My bookmaking/printmaking/papermaking class is a real hoot. I've already learned a few types of screenprinting, Western and Japanese papermaking (Japanese is outrageously difficult, but Western is a lot of fun), and a bit of basic bookbinding. Above is my first book, an accordion-style artist's book about -- your favorite subject and mine -- photosynthesis. Although accordion books are commonly regarded as the most useless type of books, they're relatively easy to make and they've got a really artsy vibe.

The covers are screenprinted on mulberry paper, and the interior* is a heavier Arches paper. As for the interior, I created a sequence (in yellows, blues, and greens) of images based on scientific diagrams and photographs of plant cells, hydrogen and oxygen molecules, and other relevant biological forms, like chlorophyll and the glucose created by green plants. I'm fascinated by how this narrative is composed of elements (characters?) that are simultaneously realistic (e.g. the golgi complex of a plant cell actually looks like the long, squiggy worms I screenprinted on page three!) and abstract -- that is, they become abstract if you (like me) know very little about science and do not recognize the forms. I discovered that many of the biological forms I worked with also lent themselves to patterning, so the forms are abstracted in that way, too.

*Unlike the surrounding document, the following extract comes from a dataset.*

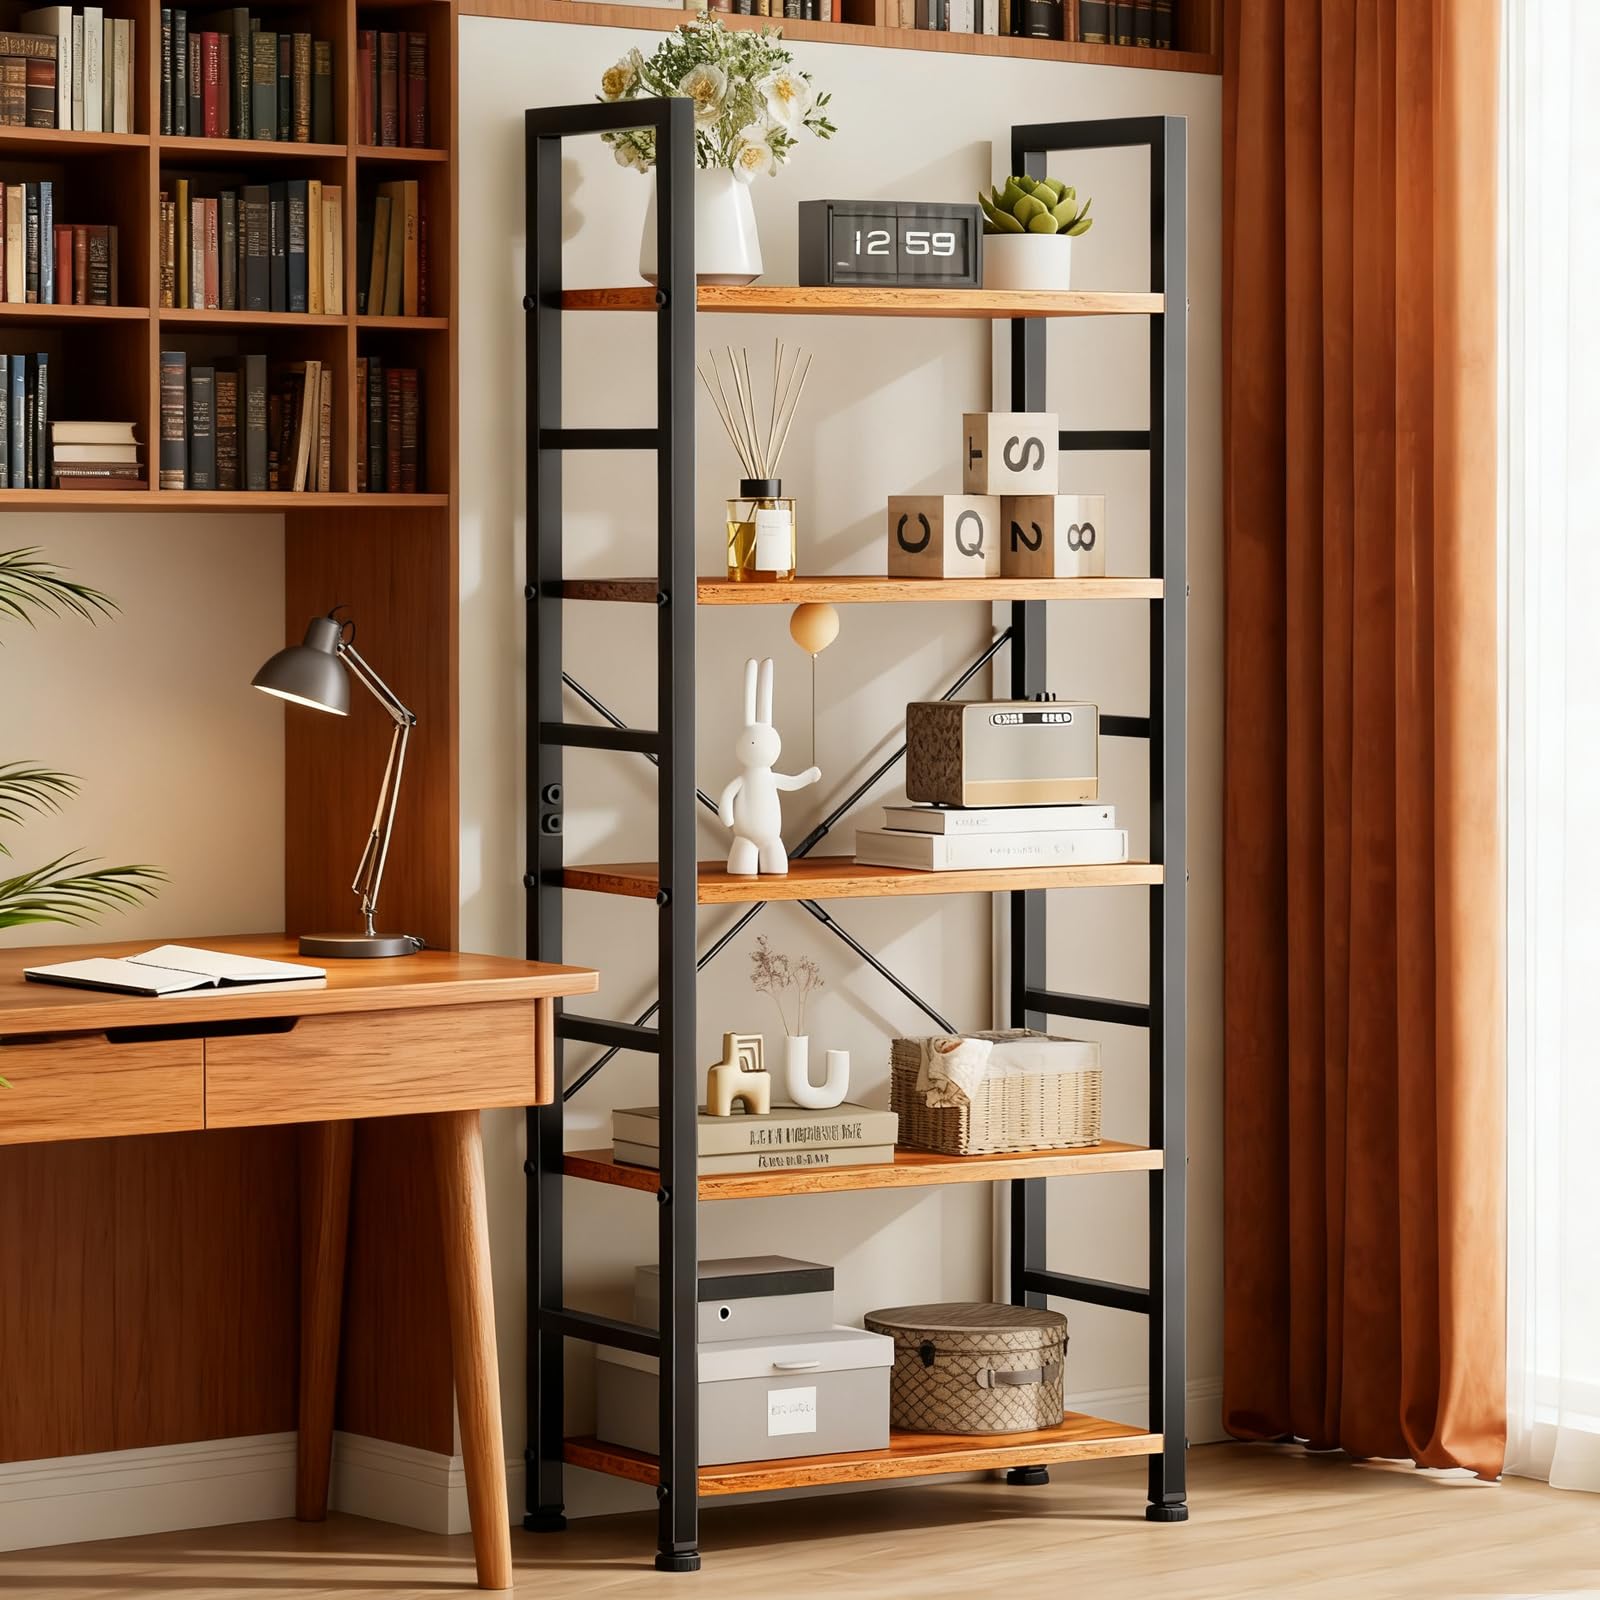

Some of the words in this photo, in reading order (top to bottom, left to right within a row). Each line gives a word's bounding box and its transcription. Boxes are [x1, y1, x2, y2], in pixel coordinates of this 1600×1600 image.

Above, at the very tippy-top, is my finished book. Below are my screenprinted cover (before cutting and turning into book boards) and, below that, my original digital sketch. I kind of like the sketch as a stand-alone illustration; it has a softness and a transparency that's very different from the screenprinted book cover. In both versions, I was aiming for a cut-paper look, perhaps because of all of the mid-century Paul Rand stuff I've been looking at. (More blogging about Rand here.)






















* 8 pages, not shown here.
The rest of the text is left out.